Ottawa had little to say Friday, a day after a highly critical federal review found fault with the way Aboriginal Affairs handled First Nations people displaced in the 2011 flood.
A spokeswoman in Ottawa said the minister's office considers the assessment concluded. The focus has shifted to the work the Red Cross will do for flood evacuees in the future.
"Red Cross is now working with the affected communities to meet their longer-term needs," said Erica Meekes, spokeswoman for Aboriginal Affairs Minister Bernard Valcourt.
The federal and provincial governments announced the Canadian Red Cross Society would replace the Manitoba Association of Native Firefighters in delivering evacuee assistance in June.
The respected aid agency has been at work on an assessment for Ottawa of evacuee needs all summer and there is no indication when it will be prepared to replace MANFF.
Evacuees themselves and the lodge owner best known for blowing the whistle on MANFF's millions of dollars of unpaid hotel bills said the federal report reinforced what they've been saying all along.
"It sure didn't put much on MANFF," said Misty Lake Lodge owner Mike Bruneau. "I knew the feds screwed up.
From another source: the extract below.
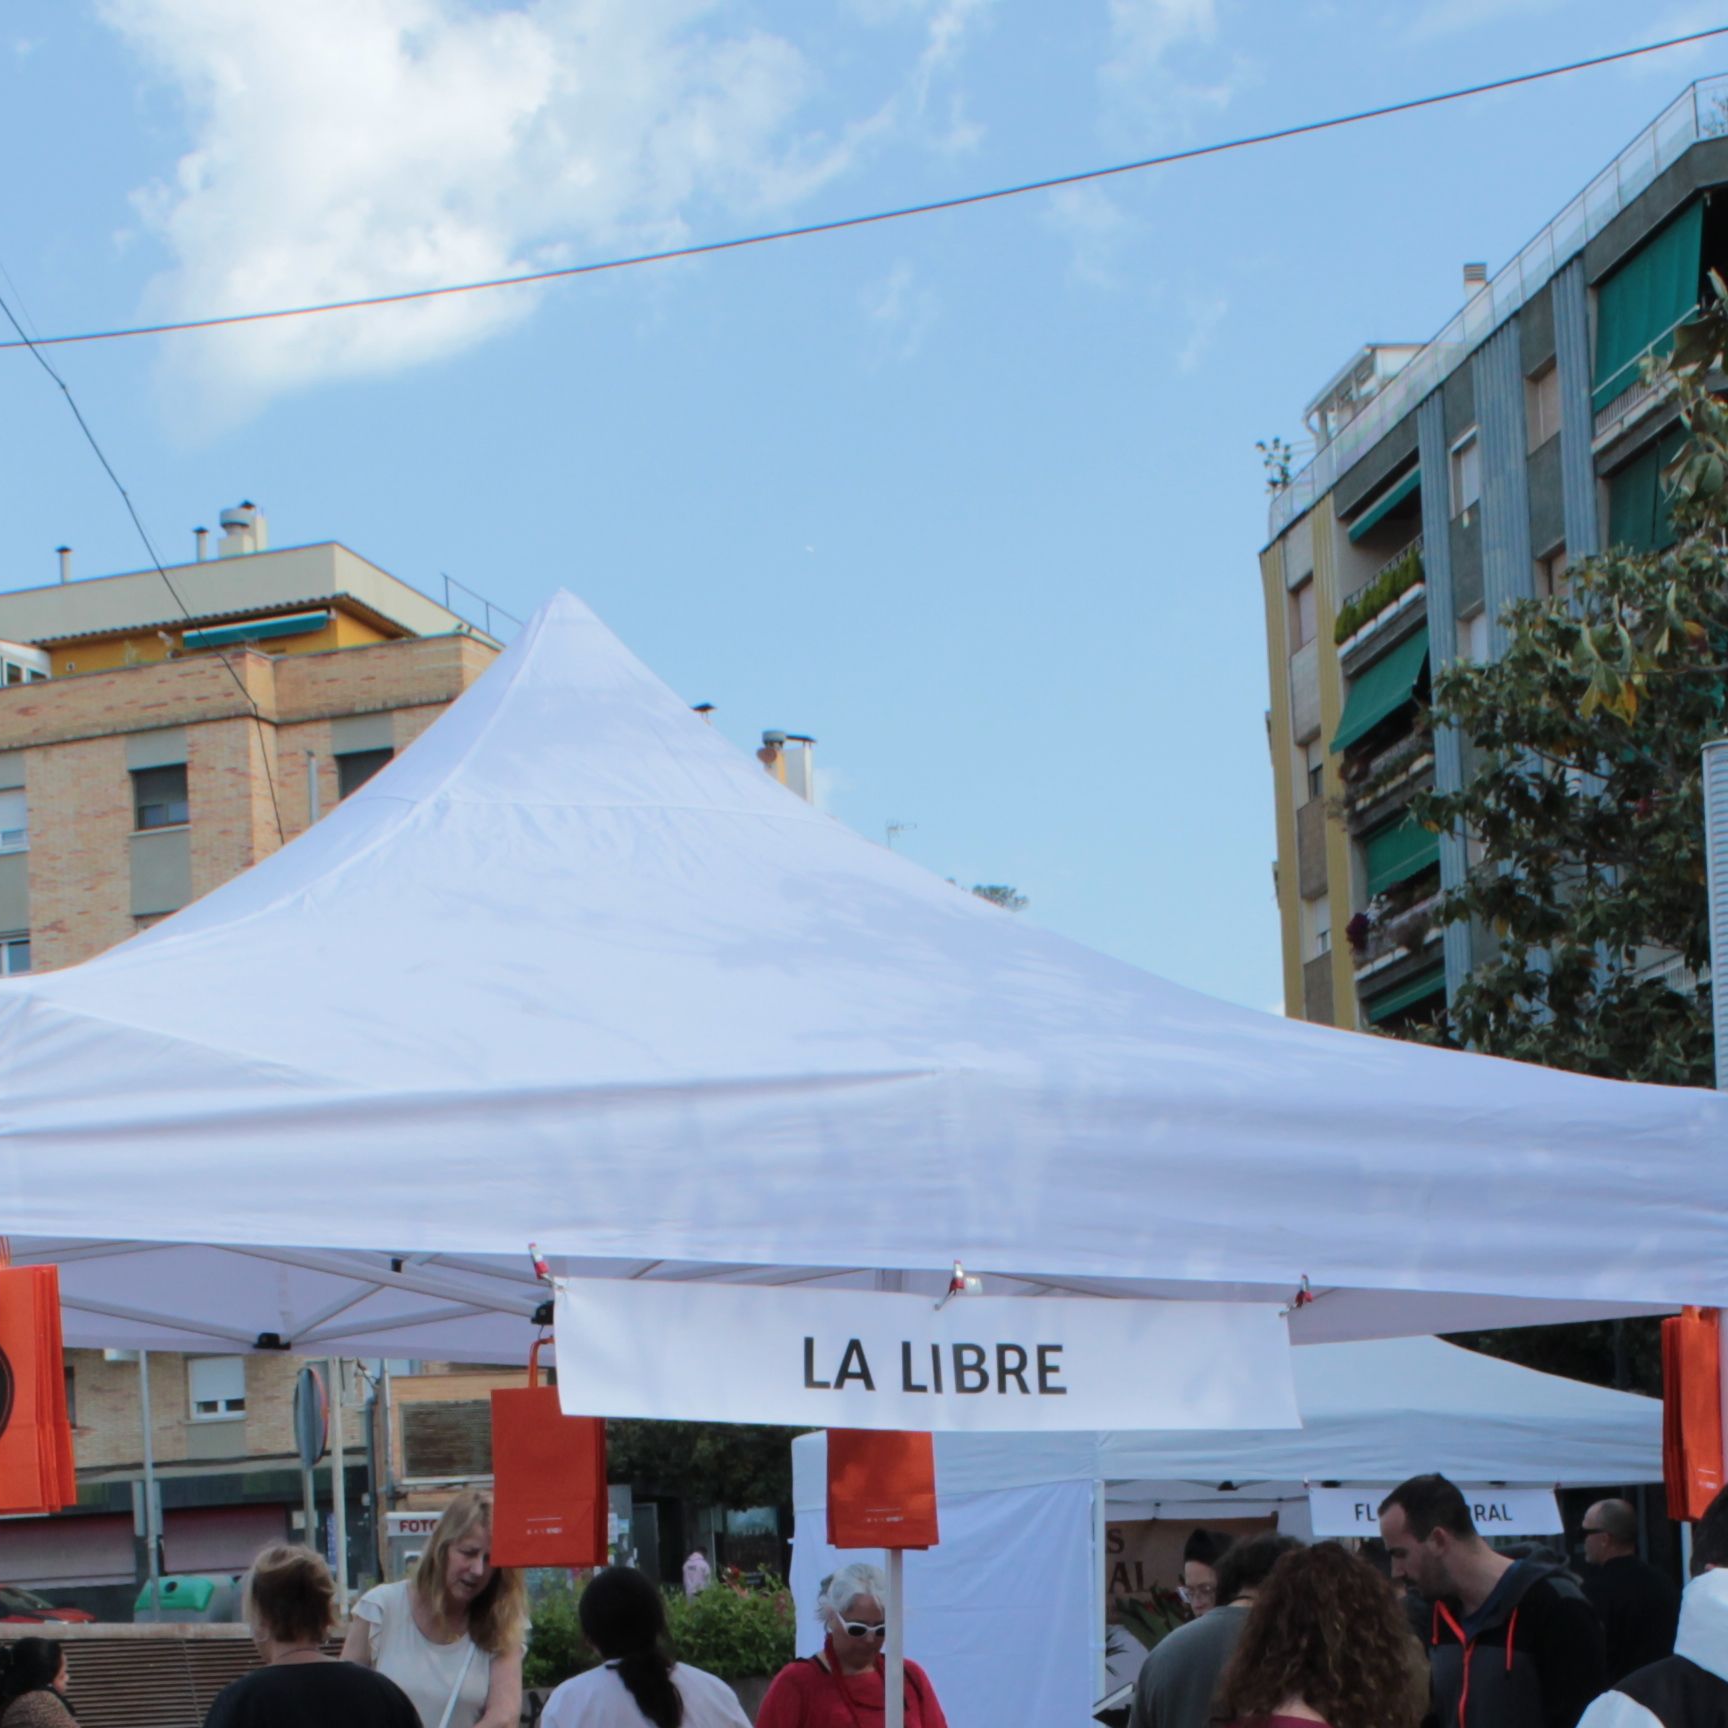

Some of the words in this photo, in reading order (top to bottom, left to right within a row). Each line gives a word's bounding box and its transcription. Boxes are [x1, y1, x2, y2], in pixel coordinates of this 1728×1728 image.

[802, 1335, 876, 1393] LA
[900, 1338, 1069, 1396] LIBRE
[1473, 1504, 1513, 1522] RAL
I think it's just sad." He was finally paid more than $2 million after waging a public campaign about it for months.
Many older evacuees say their problems came to a head in 2011, but they started long before that.
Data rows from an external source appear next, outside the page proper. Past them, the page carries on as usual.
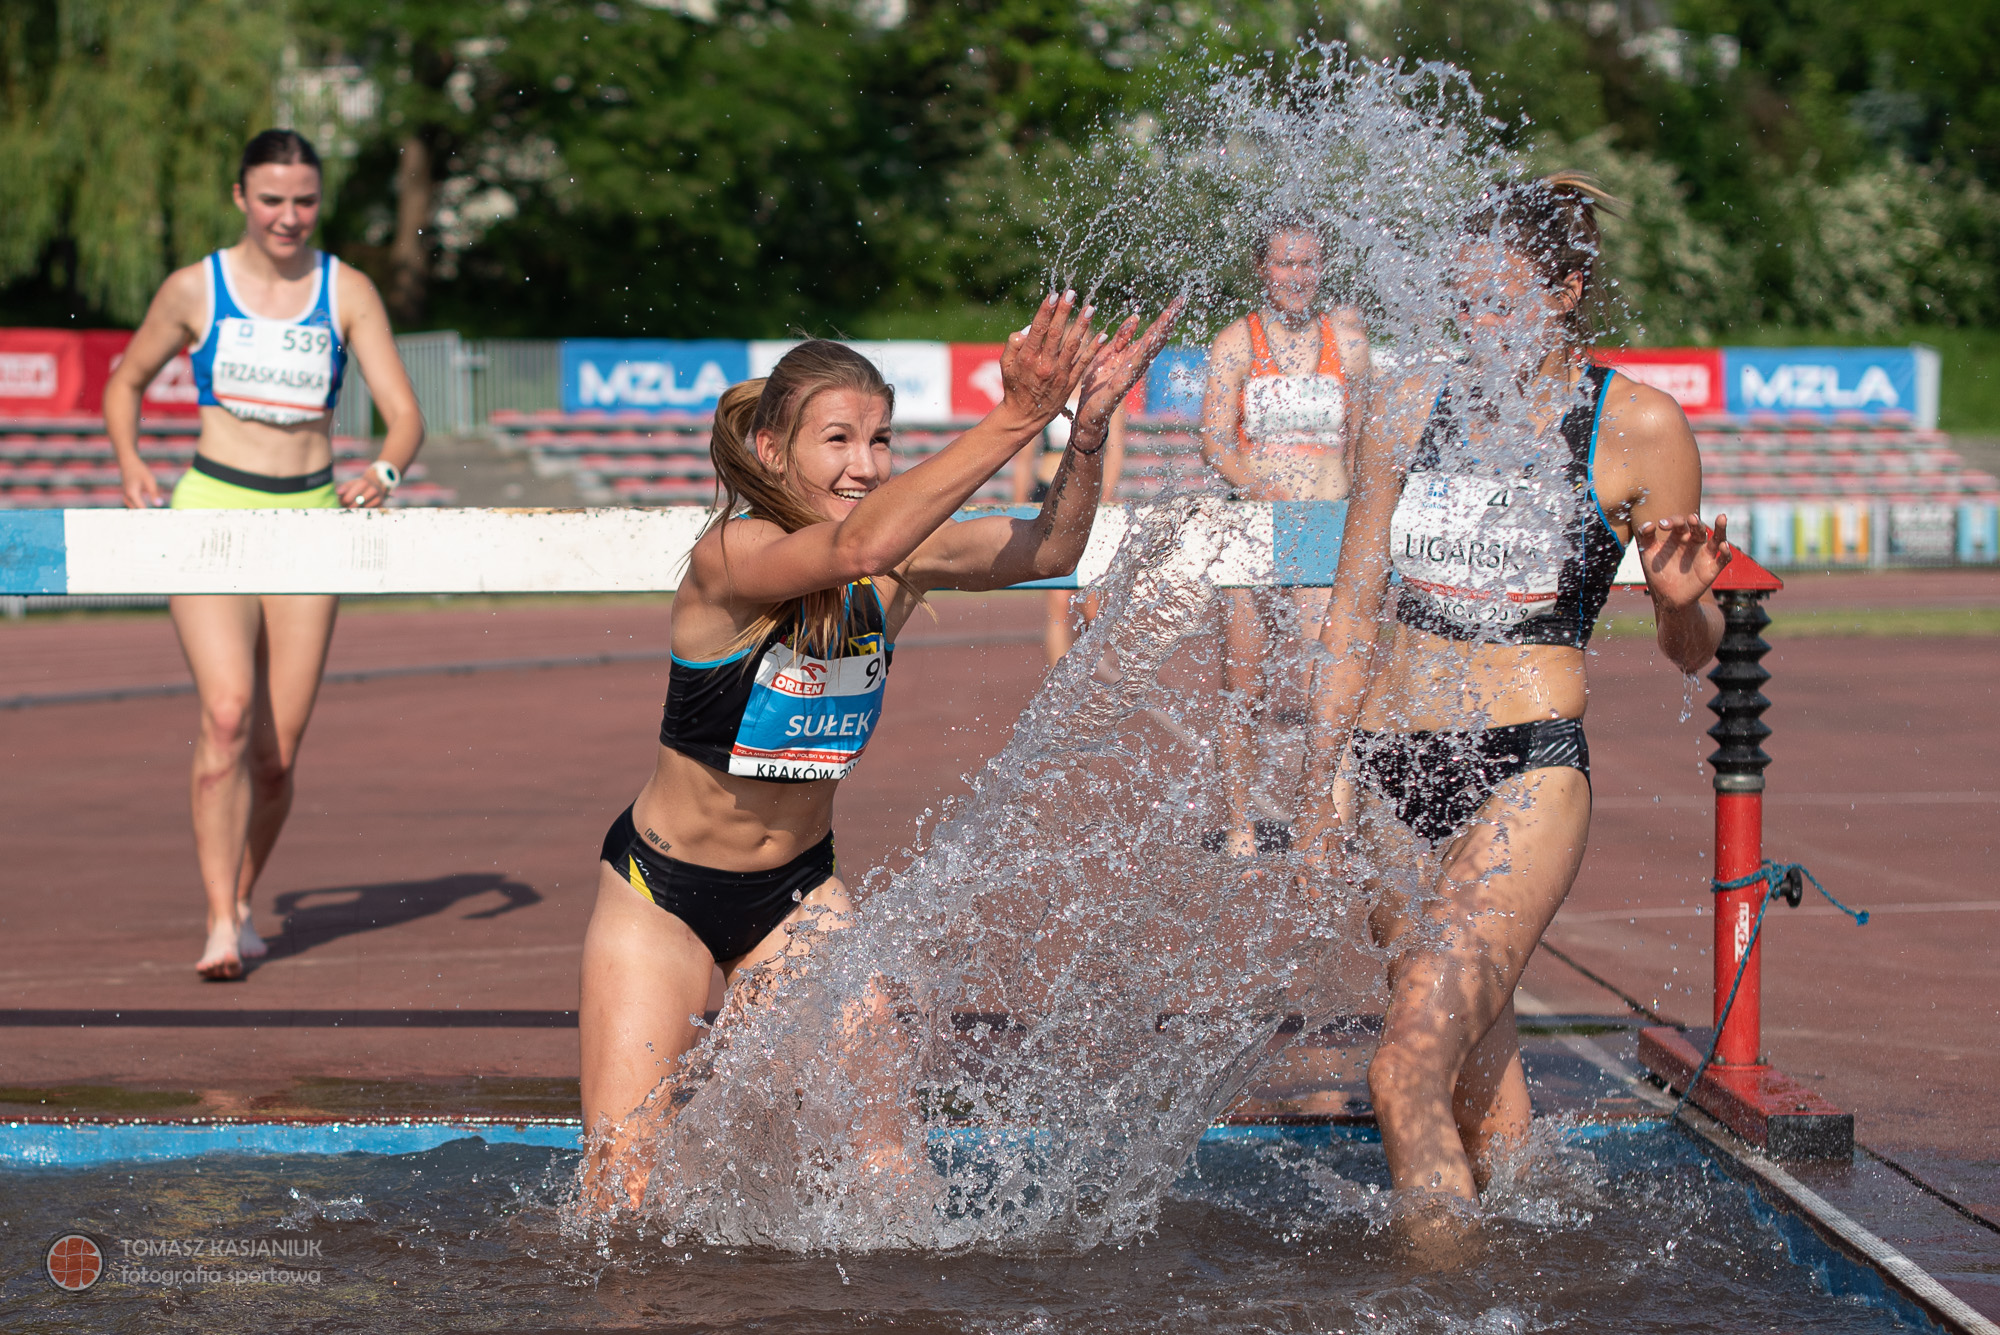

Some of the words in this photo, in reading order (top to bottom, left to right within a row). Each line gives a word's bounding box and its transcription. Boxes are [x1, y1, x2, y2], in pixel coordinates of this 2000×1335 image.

[282, 329, 329, 354] 539
[220, 361, 325, 390] TRZASKALSKA
[579, 360, 731, 405] MZLA
[1740, 363, 1900, 408] MZLA
[1405, 533, 1537, 571] LIGARSK
[774, 677, 823, 695] ORLEN
[864, 656, 884, 689] 9
[785, 708, 874, 737] SUŁEK
[756, 763, 835, 780] KRAKÓW
Flooding was a chronic problem for decades. In 2011, the Interlake was hit by a once-in-300-year flood and to save Winnipeg, they believe water was diverted to flood their land.
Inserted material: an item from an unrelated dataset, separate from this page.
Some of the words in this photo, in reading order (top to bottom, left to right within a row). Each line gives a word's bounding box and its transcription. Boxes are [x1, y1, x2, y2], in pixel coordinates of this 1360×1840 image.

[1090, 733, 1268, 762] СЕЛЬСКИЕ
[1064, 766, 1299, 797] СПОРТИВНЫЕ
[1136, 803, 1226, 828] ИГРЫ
The longer the evacuation, the more they feel abandoned and the more bitter they become.
"All the people who were evacuated are living in poverty," said Sharon Pruden, who was evacuated from Little Saskatchewan First Nation in 2011 and currently lives in a rental unit with her adult children in Winnipeg.
She said she's lucky to have a job, but for most others, life as a displaced person is pretty hopeless.
Another Little Saskatchewan evacuee, Nora Shorting, said she escorted Red Cross representatives around the Interlake First Nation in May. Now living in subsidized provincial housing and caring for four grandchildren in Ashern, Shorting said she answered a Red Cross questionnaire several months ago.
"I haven't heard nothing back," Shorting said. As far as she knows, MANFF is still in charge.
For all the legitimate evacuees however, the way the system was set up left it open to abuse.
A Winnipeg woman, who spoke under condition of anonymity, said the finding Aboriginal Affairs didn't require MANFF to keep evacuee lists explains a lot.
She said her nephew, who never lived on a reserve but holds treaty status on one of the Interlake First Nations, moved back from Alberta in 2011 and easily got evacuee assistance.
As far as she knows, he and his seven children are still drawing benefits. "He lived in three different hotels, then a big house in Fort Rouge... last I heard, he'd moved (again). This drives me insane because I know somebody who screwed the system," she said.
A 33-page report on how Aboriginal Affairs staff handled the evacuation — now going on two years for nearly 2,000 displaced people — concluded the biggest problem was the federal government's poor emergency response to the crisis.
It said the department was overwhelmed by the sheer volume of needs from so many evacuees and "stretched beyond its limits." Most of the burden fell on the shoulders of a single federal official in Winnipeg, who couldn't keep up with it all.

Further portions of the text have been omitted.